* ABOUT THIS TASK: Skip the pictures and retype exactly the lines from the one holding "this 1144×1712 image." through the end of the entries.

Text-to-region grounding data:
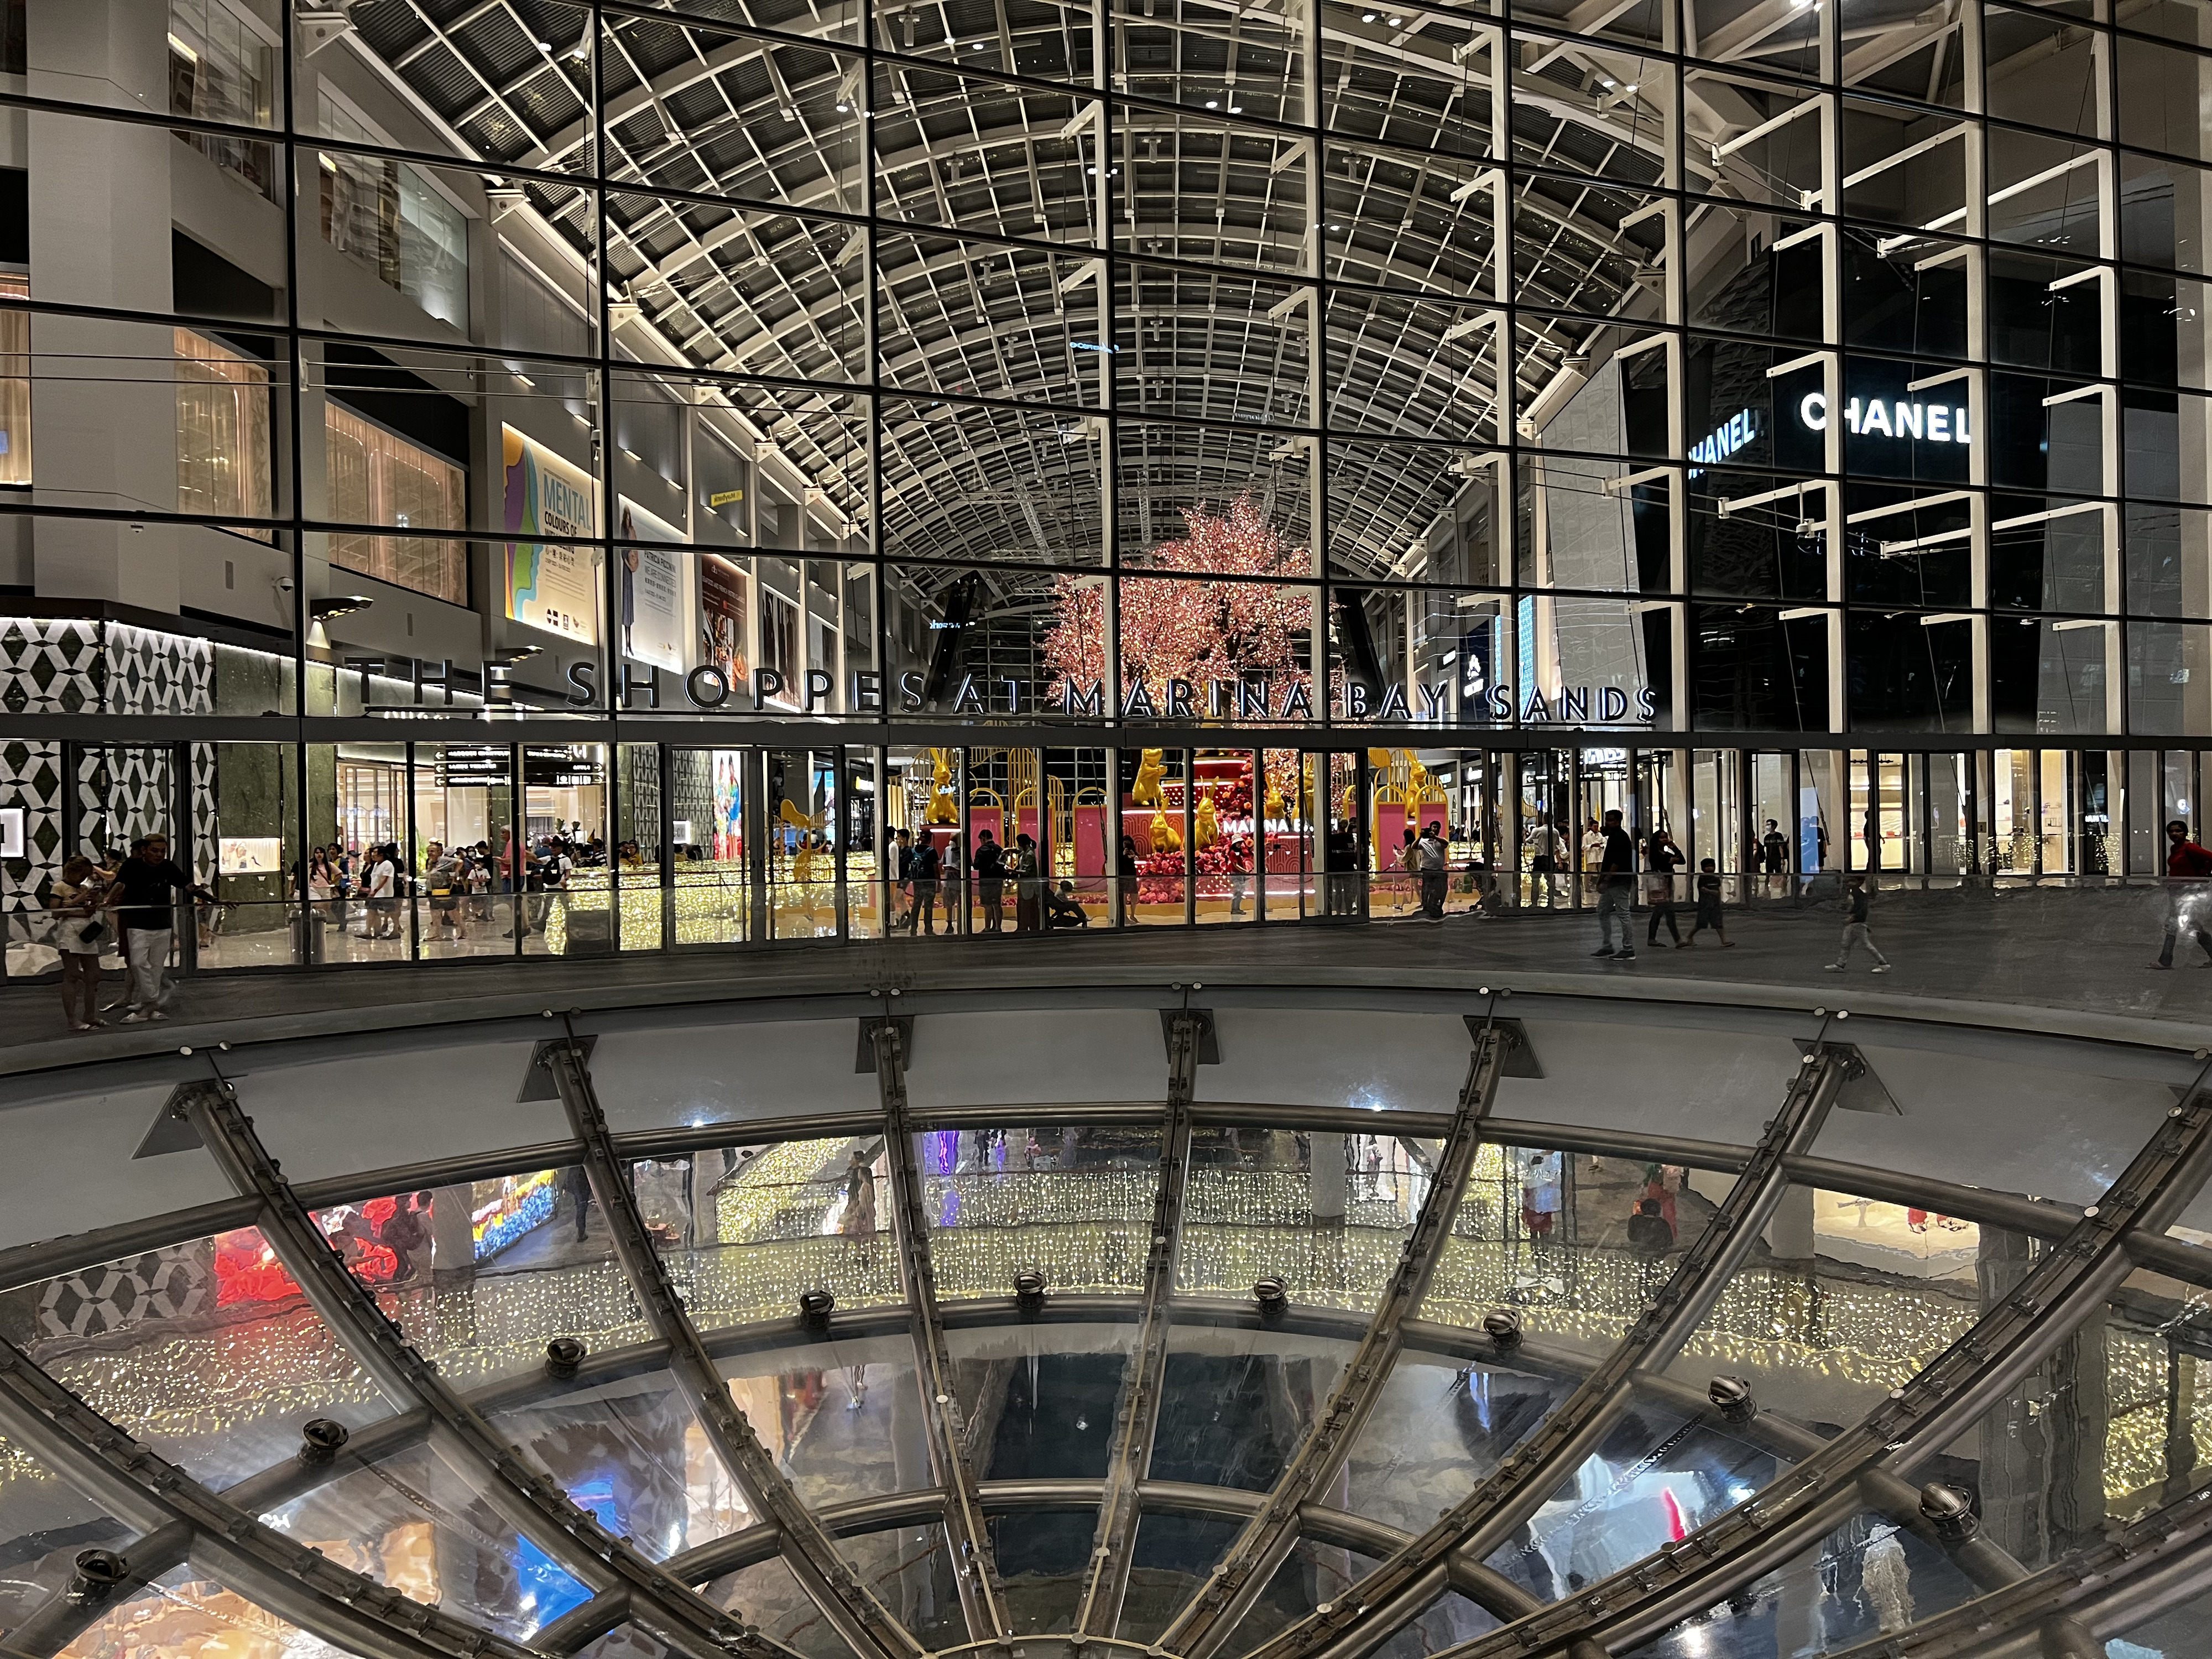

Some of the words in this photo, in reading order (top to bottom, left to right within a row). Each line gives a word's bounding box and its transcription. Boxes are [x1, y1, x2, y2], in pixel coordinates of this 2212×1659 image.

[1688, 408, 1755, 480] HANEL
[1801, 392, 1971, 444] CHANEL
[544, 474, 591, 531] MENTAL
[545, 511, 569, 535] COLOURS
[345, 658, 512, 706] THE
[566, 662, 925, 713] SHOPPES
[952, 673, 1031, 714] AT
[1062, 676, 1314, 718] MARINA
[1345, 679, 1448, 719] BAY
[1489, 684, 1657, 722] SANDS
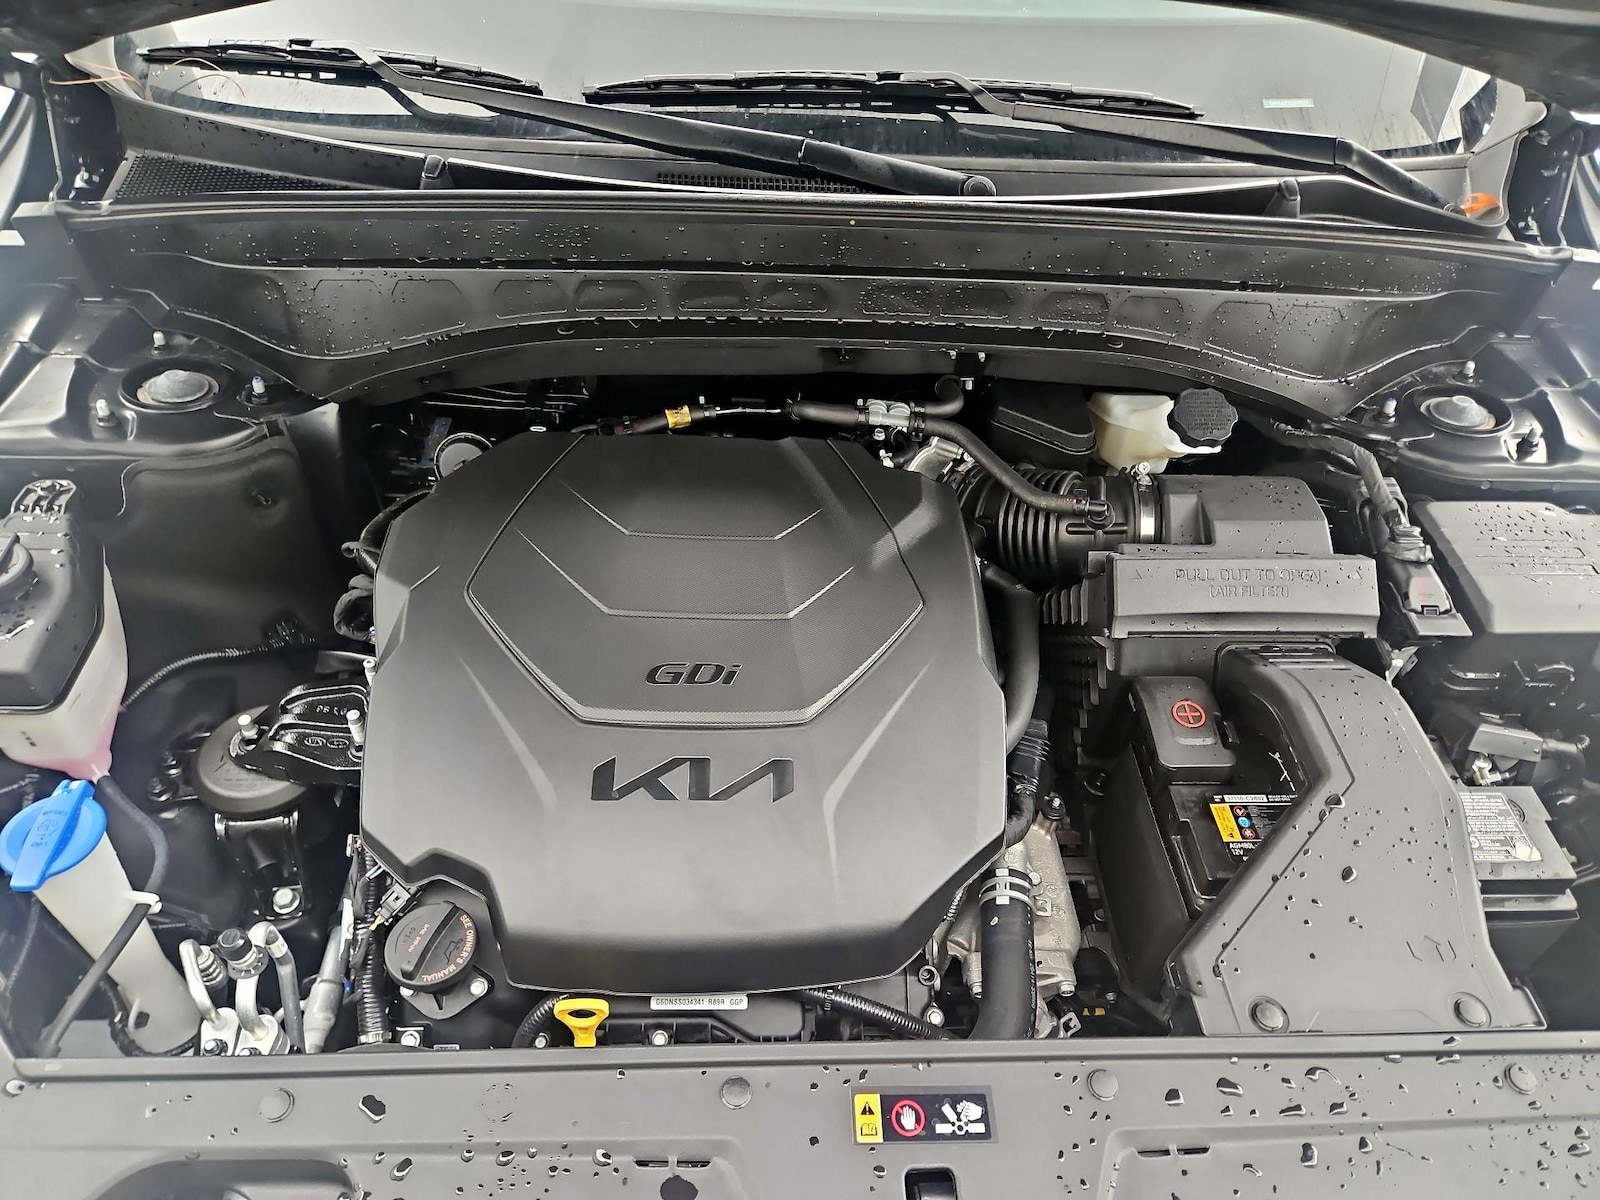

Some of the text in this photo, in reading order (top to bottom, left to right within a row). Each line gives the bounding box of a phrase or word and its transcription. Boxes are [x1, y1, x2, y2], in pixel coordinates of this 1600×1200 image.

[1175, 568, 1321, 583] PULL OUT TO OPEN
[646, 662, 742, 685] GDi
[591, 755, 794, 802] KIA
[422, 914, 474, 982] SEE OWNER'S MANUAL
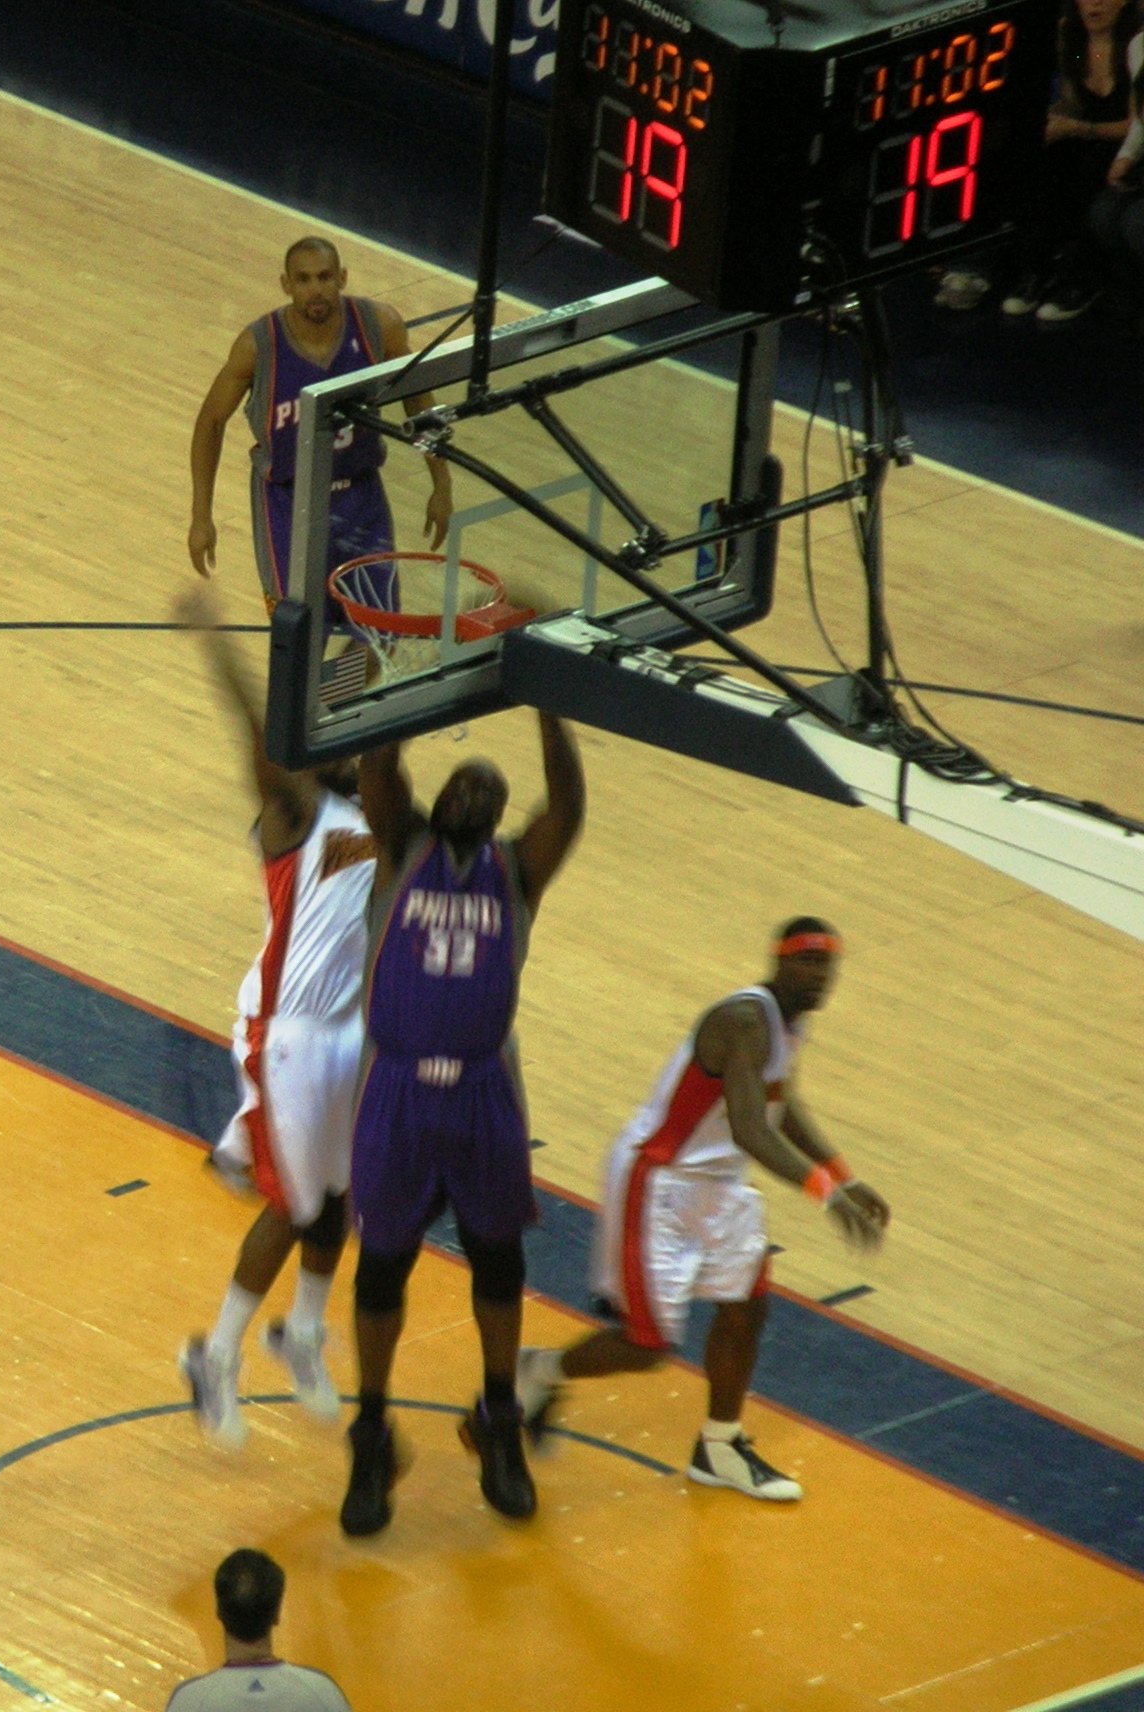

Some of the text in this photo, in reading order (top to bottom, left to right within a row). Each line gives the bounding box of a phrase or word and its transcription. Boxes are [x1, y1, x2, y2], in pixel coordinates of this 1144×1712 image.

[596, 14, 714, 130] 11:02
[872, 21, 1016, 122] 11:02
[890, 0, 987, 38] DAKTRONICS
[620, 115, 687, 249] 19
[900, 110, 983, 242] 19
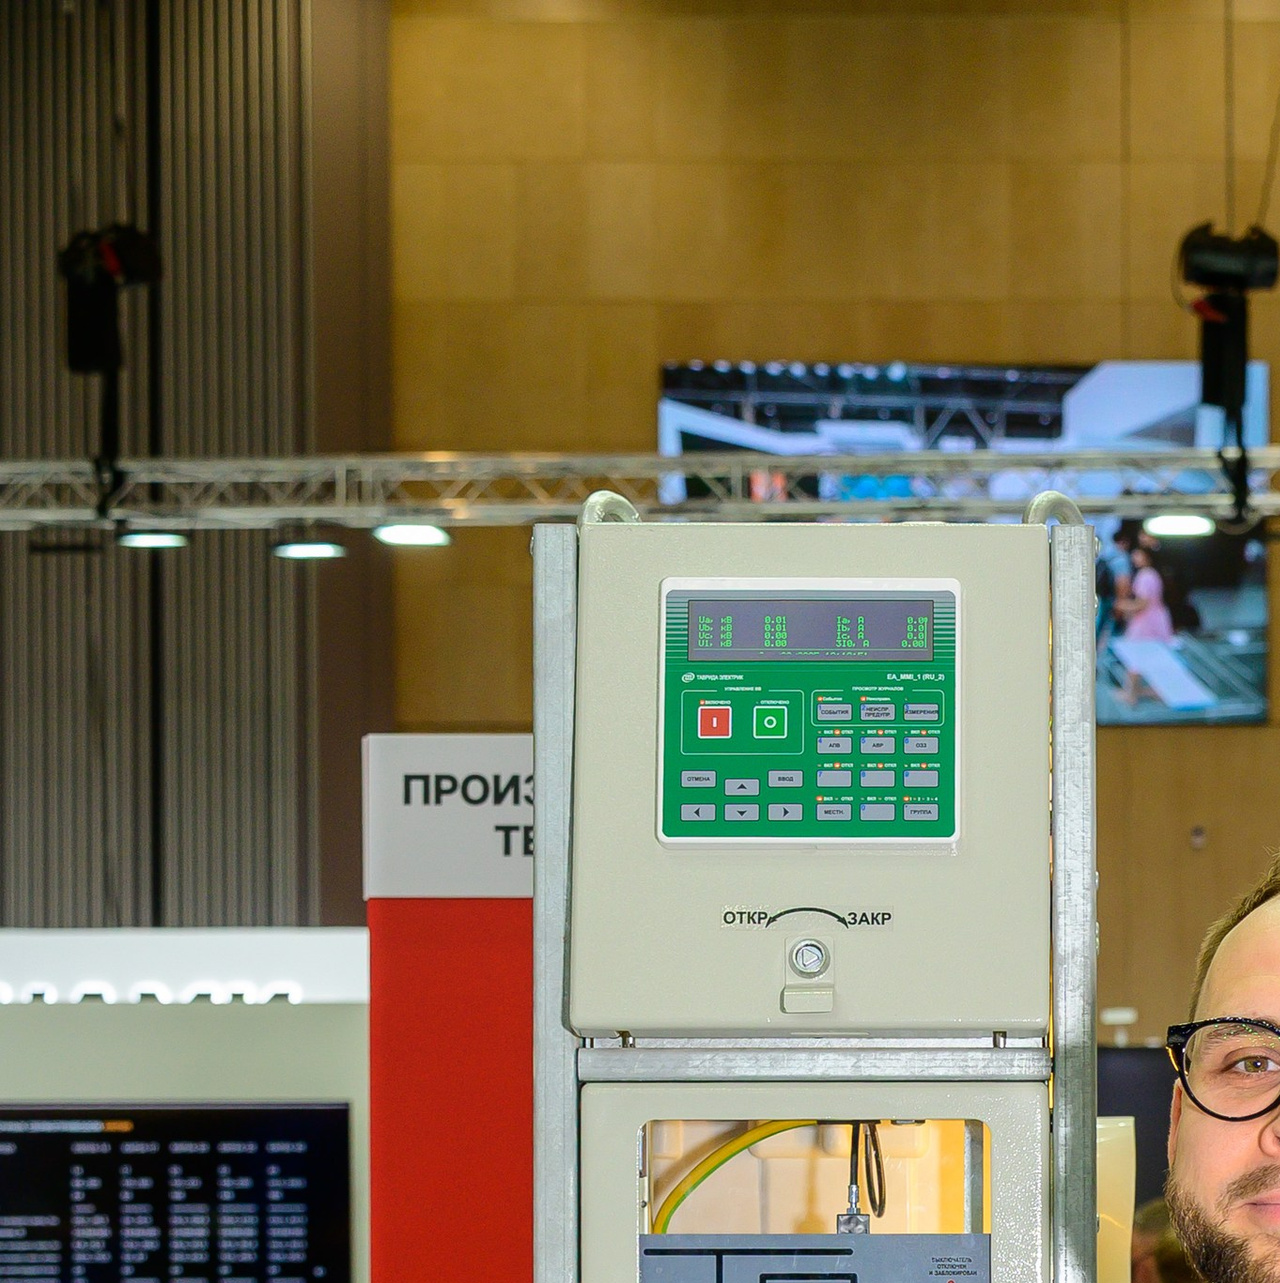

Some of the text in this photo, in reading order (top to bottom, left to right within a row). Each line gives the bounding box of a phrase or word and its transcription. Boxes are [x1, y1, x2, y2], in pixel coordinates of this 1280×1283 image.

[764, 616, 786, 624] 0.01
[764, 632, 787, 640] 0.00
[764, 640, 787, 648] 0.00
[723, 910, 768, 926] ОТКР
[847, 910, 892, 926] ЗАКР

* WRITTEN SOLUTION:
Some of the text in this photo, in reading order (top to bottom, left to right within a row). Each line gives the bounding box of a phrase or word and its transcription. Boxes are [x1, y1, x2, y2], in pixel coordinates of this 1144×1712 image.

[596, 14, 714, 130] 11:02
[872, 21, 1016, 122] 11:02
[890, 0, 987, 38] DAKTRONICS
[620, 115, 687, 249] 19
[900, 110, 983, 242] 19

Some of the text in this photo, in reading order (top to bottom, left to right within a row). Each line gives the bounding box of a phrase or word and its transcription. Boxes are [x1, y1, x2, y2], in pixel coordinates of this 1280×1283 image.

[764, 616, 786, 624] 0.01
[764, 632, 787, 640] 0.00
[764, 640, 787, 648] 0.00
[723, 910, 768, 926] ОТКР
[847, 910, 892, 926] ЗАКР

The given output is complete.